One factor being considered in the findings is that the degradation or erosion of marsh overall – especially in the Terrebonne Barataria areas – makes for a moving scientific target. As land is lost, the effects suspected of being from oil show up in areas previously not included in the surveys. And oiling of some marsh, Hooper-Bui suspects, is related to its disappearance.
“The marsh in Terrebonne Bay and Barataria Bay is very degraded,” she said. “The oiled areas we are losing have us very concerned about the Terrebonne Bay and Barataria Bay marsh.”
A paper to be published in the Marine Pollution Bulletin, an international journal of scientific studies, will focus primarily on the increase in harmful substances even as less harmful substances degrade or disappear.
“The aromatics, the very toxic compounds, are very stable,” Hooper-Bui said.

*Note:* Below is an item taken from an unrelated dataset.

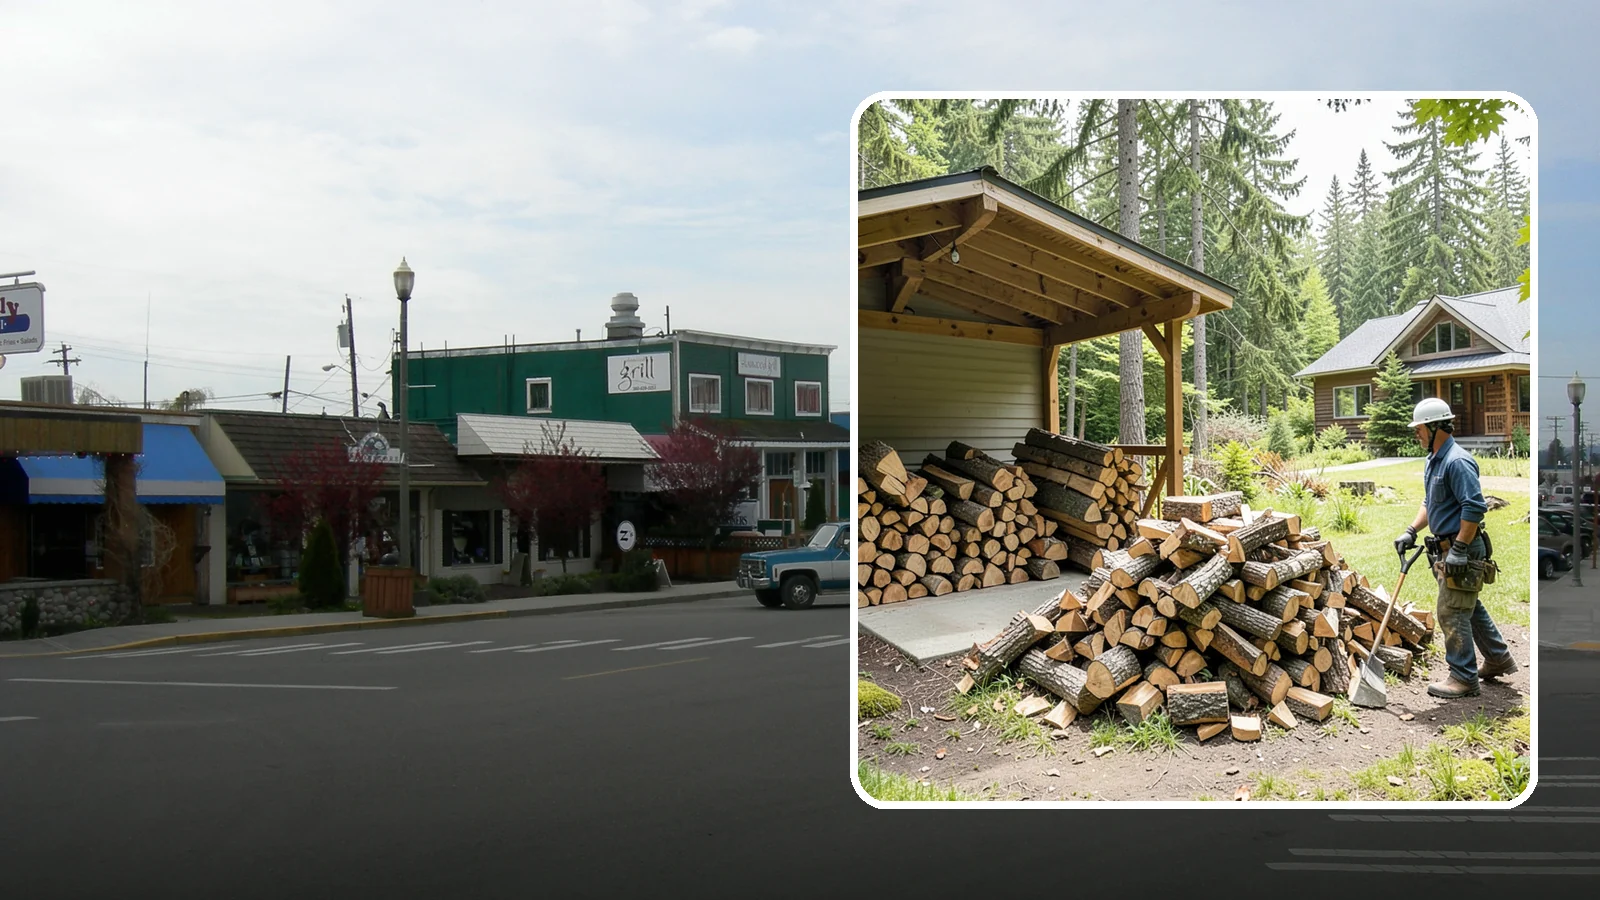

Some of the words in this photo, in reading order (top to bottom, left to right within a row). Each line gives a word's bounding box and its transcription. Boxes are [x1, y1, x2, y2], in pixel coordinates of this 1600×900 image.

[4, 338, 16, 346] Fries
[20, 337, 38, 345] Salads
[617, 356, 654, 391] grill

Told that her theories reflect those posited by fishermen shortly after the spill, Hooper-Bui said she is not surprised.
Considering herself a mere visitor to the marsh environment, Hooper-Bui notes that fishermen and others routinely in the outdoors of the marsh have knowledge born of experience to which attention should be paid.
“When a fisherman tells me something it gets my attention,” she said. “When other fishermen to whom that fisherman has not spoken tell me the same thing, I am gaining a knowledge base.”